About this task –
An exact reproduction of the records is required, with all images left out.

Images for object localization
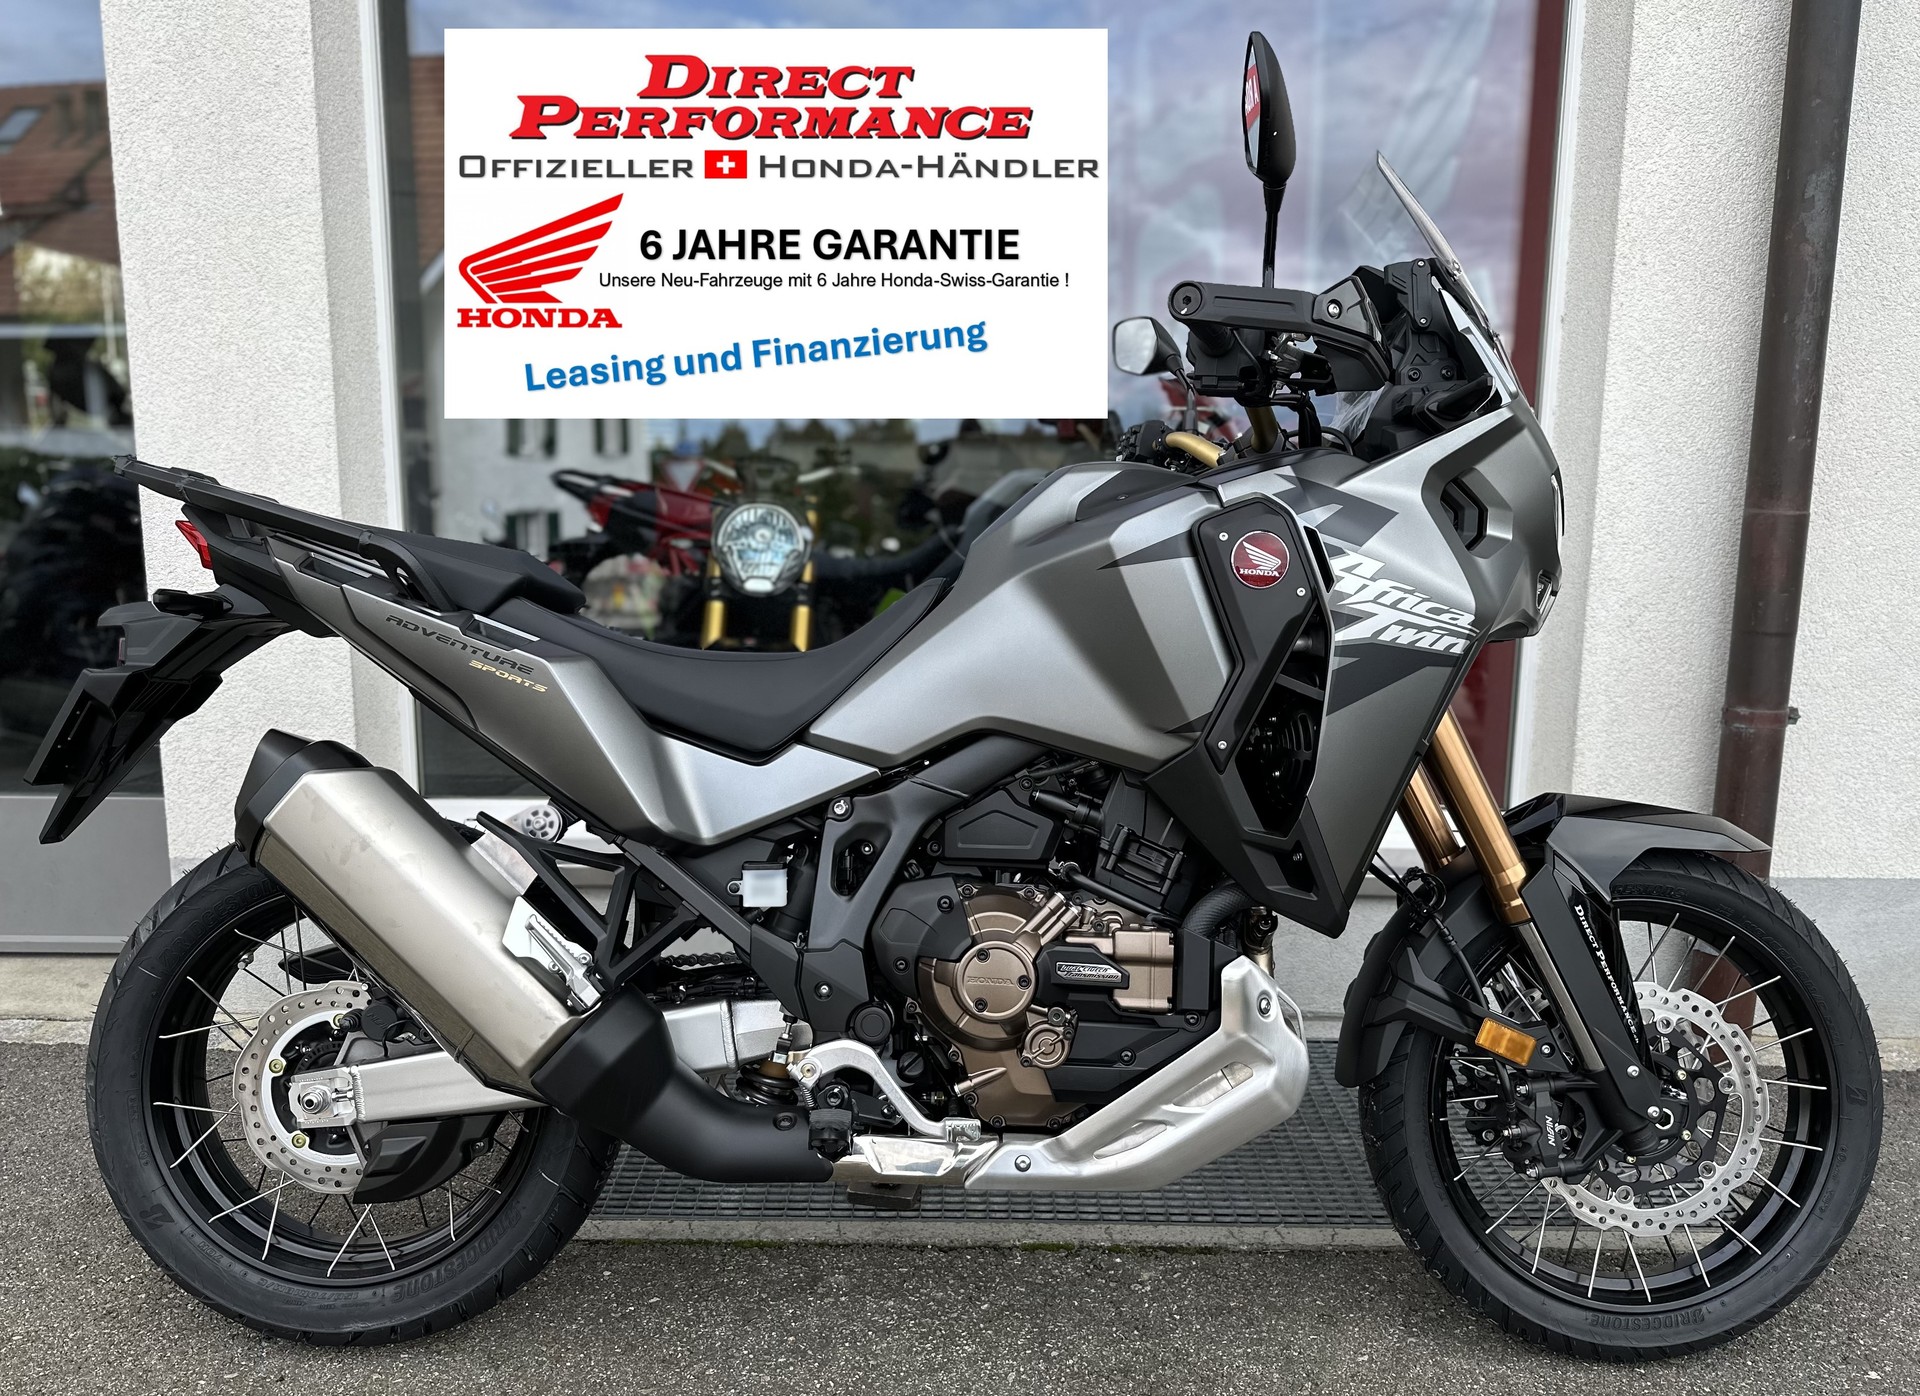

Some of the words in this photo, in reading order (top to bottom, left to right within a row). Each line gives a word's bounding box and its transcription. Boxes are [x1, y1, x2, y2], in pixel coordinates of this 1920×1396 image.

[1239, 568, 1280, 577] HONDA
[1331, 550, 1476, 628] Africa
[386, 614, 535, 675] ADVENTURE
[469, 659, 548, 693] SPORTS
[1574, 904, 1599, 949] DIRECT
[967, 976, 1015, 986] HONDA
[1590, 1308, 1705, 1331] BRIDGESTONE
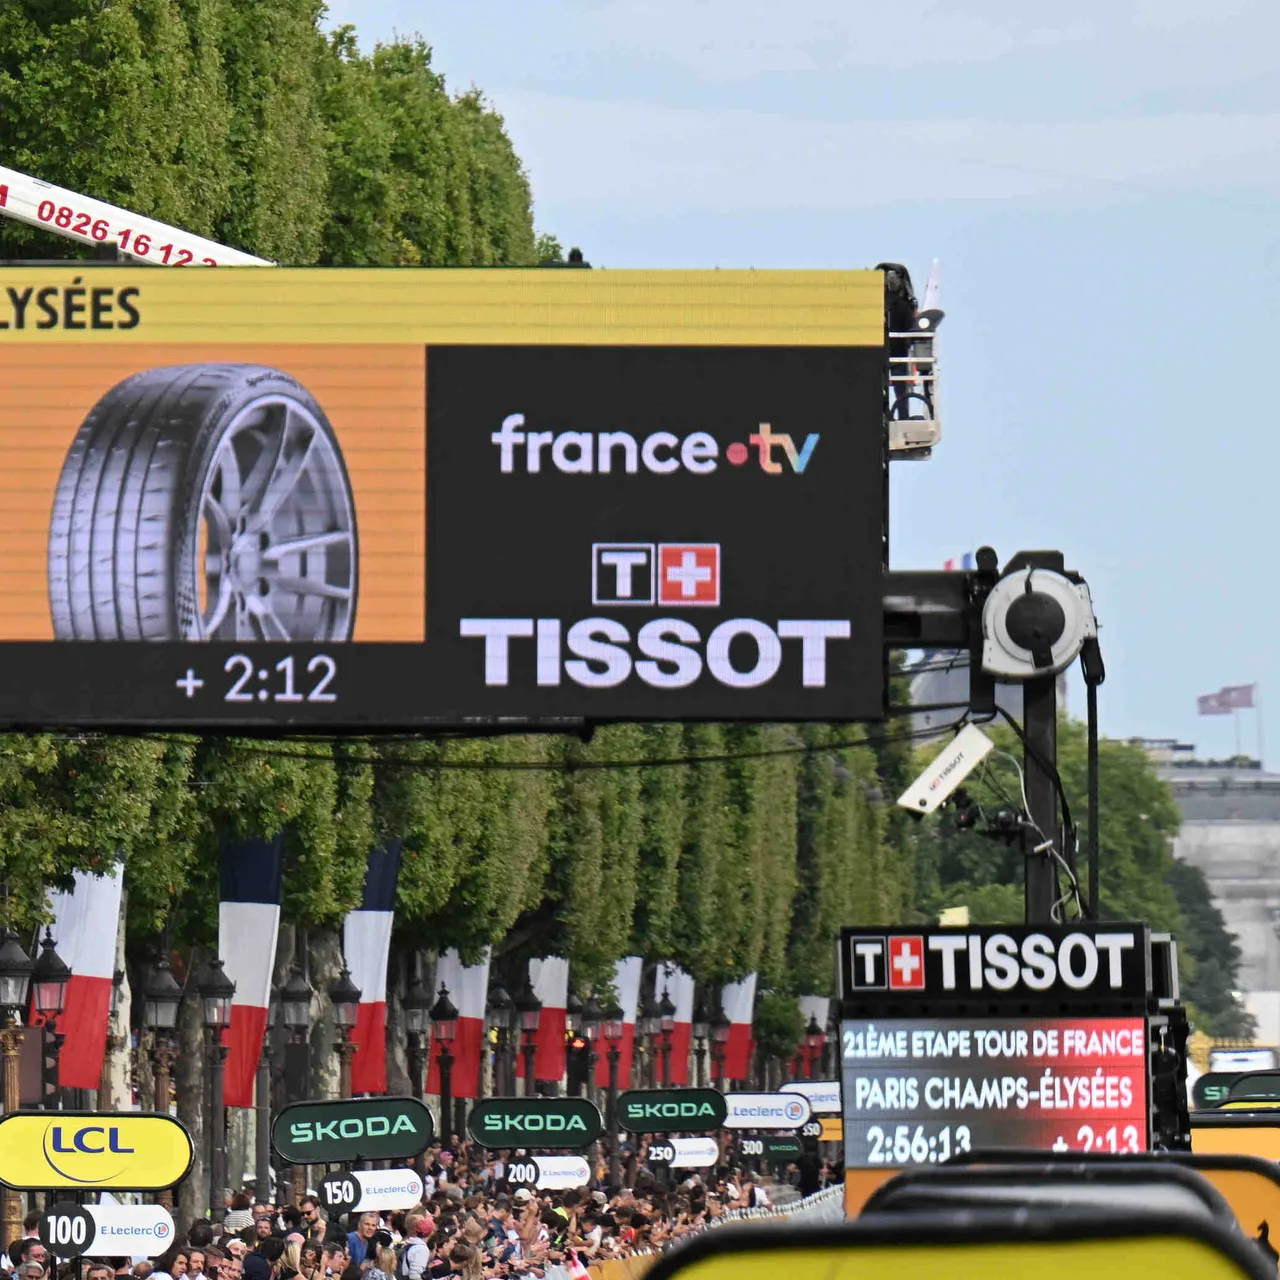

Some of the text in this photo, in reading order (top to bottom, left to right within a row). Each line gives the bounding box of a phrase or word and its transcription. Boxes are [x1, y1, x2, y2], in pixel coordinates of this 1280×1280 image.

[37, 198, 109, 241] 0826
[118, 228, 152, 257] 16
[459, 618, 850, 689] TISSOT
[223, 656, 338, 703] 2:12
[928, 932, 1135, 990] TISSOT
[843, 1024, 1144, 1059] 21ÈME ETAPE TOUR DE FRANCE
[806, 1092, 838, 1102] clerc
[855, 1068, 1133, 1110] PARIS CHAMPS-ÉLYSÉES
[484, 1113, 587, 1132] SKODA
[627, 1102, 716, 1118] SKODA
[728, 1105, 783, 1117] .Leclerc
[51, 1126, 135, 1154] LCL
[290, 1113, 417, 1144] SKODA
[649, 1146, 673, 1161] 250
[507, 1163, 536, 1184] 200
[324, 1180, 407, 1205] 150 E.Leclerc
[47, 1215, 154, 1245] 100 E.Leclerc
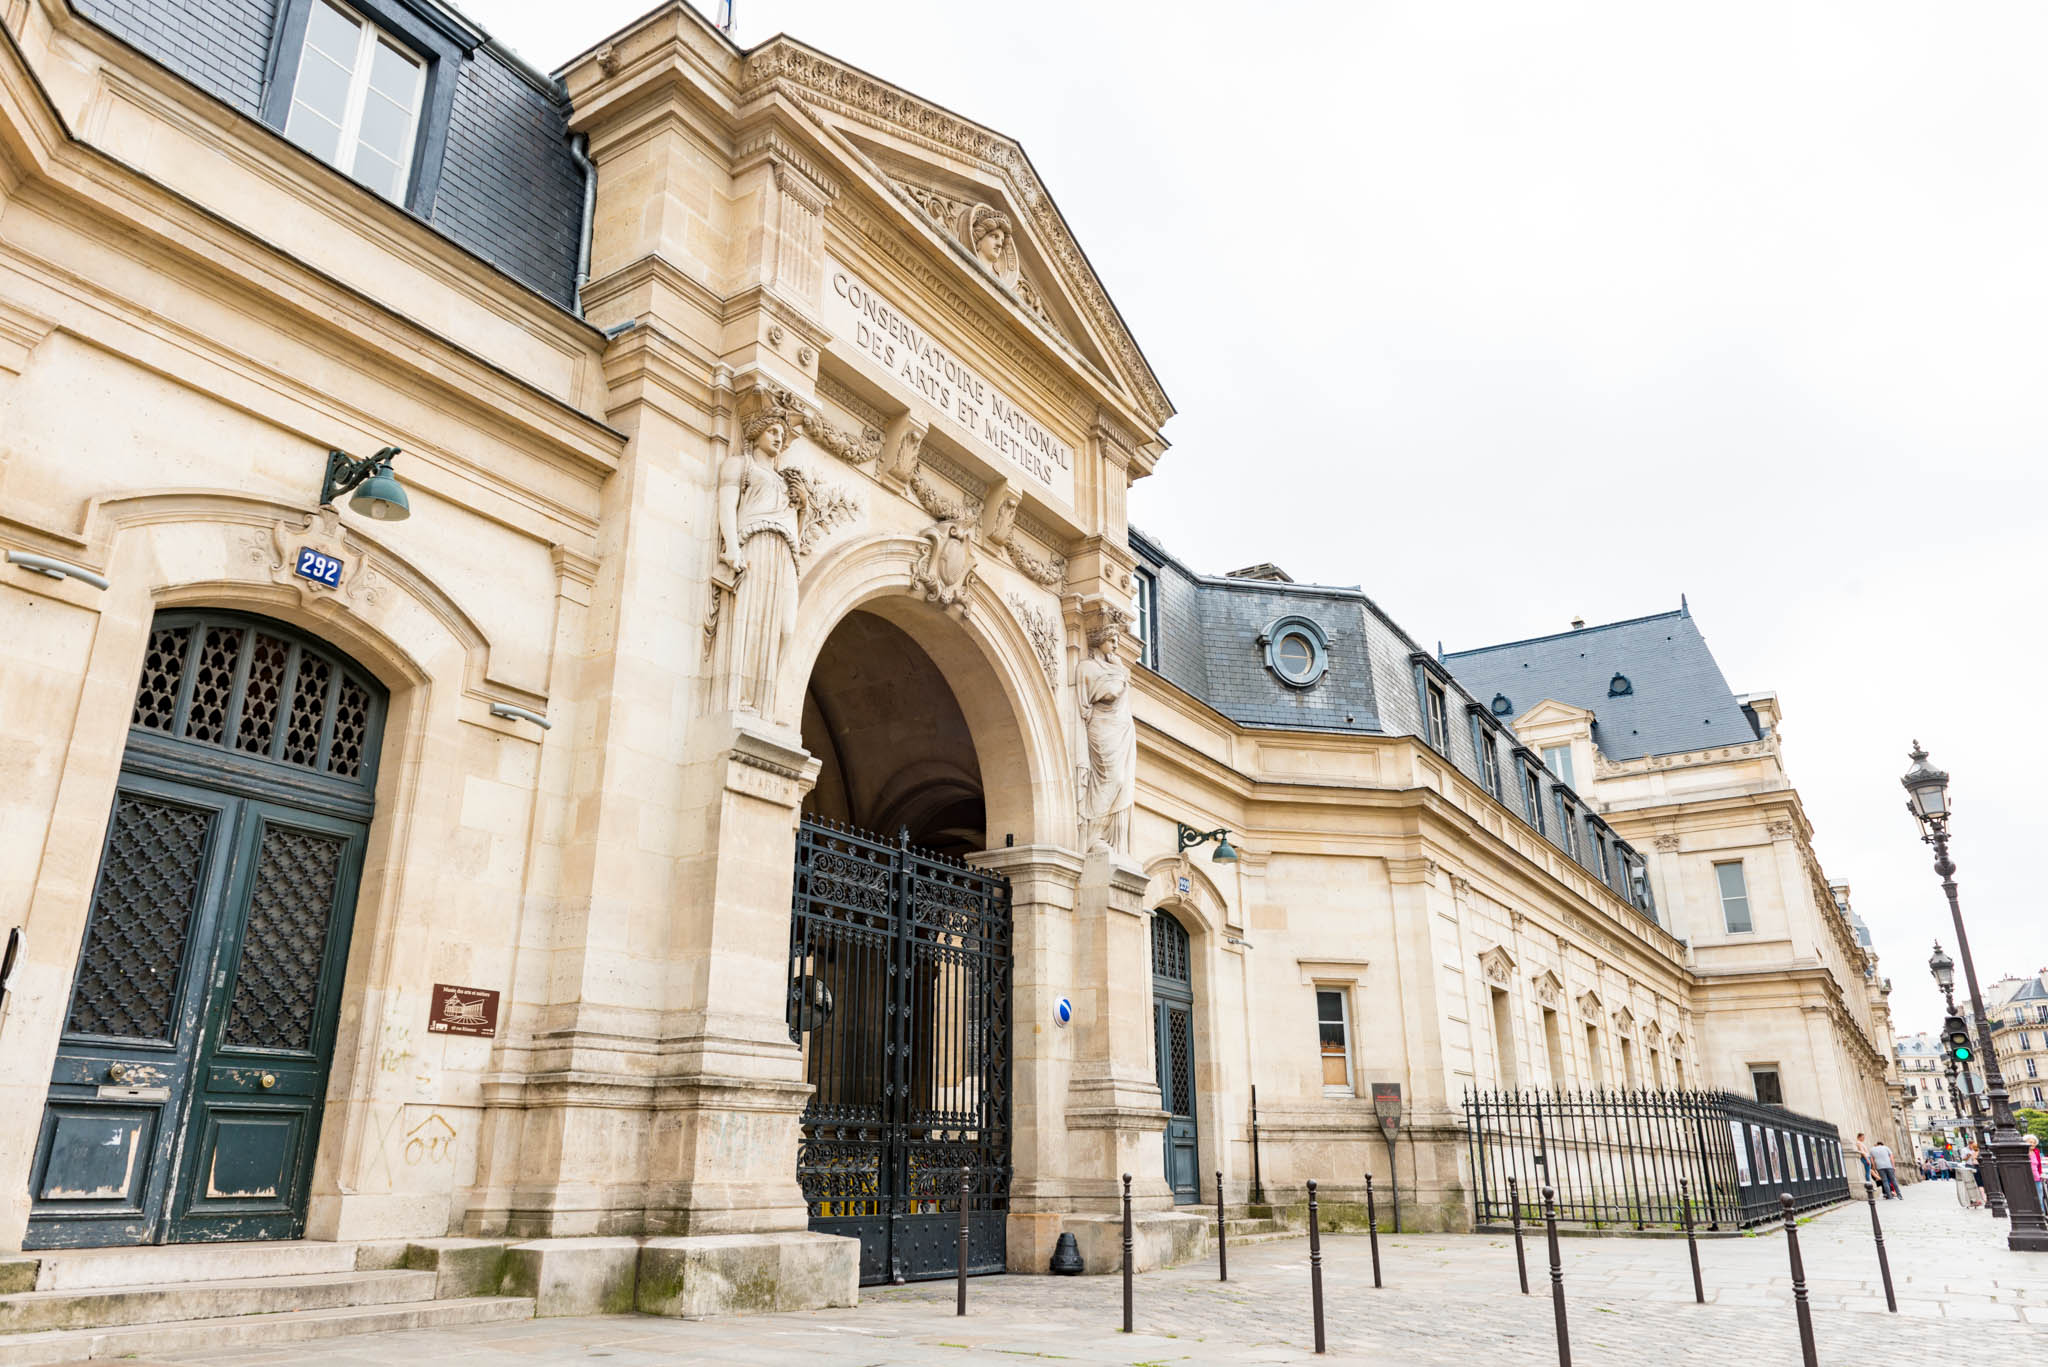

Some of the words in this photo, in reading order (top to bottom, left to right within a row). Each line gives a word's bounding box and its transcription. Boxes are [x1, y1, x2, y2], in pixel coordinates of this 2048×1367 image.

Answer –
Some of the words in this photo, in reading order (top to bottom, left to right within a row). Each line gives a word's bounding box and its transcription. Boxes are [x1, y1, x2, y2], in pixel coordinates of this 1920×1396 image.

[1239, 568, 1280, 577] HONDA
[1331, 550, 1476, 628] Africa
[386, 614, 535, 675] ADVENTURE
[469, 659, 548, 693] SPORTS
[1574, 904, 1599, 949] DIRECT
[967, 976, 1015, 986] HONDA
[1590, 1308, 1705, 1331] BRIDGESTONE

Some of the text in this photo, in reading order (top to bottom, left to right within a row). Each line gives the bounding box of a phrase or word and its transcription. Boxes are [x1, y1, x2, y2], in pixel coordinates of this 1280×1280 image.

[37, 198, 109, 241] 0826
[118, 228, 152, 257] 16
[459, 618, 850, 689] TISSOT
[223, 656, 338, 703] 2:12
[928, 932, 1135, 990] TISSOT
[843, 1024, 1144, 1059] 21ÈME ETAPE TOUR DE FRANCE
[806, 1092, 838, 1102] clerc
[855, 1068, 1133, 1110] PARIS CHAMPS-ÉLYSÉES
[484, 1113, 587, 1132] SKODA
[627, 1102, 716, 1118] SKODA
[728, 1105, 783, 1117] .Leclerc
[51, 1126, 135, 1154] LCL
[290, 1113, 417, 1144] SKODA
[649, 1146, 673, 1161] 250
[507, 1163, 536, 1184] 200
[324, 1180, 407, 1205] 150 E.Leclerc
[47, 1215, 154, 1245] 100 E.Leclerc

Some of the words in this photo, in reading order (top to bottom, left to right within a row). Each line gives a word's bounding box and its transcription. Boxes are [x1, y1, x2, y2], in pixel coordinates of this 2048×1367 image.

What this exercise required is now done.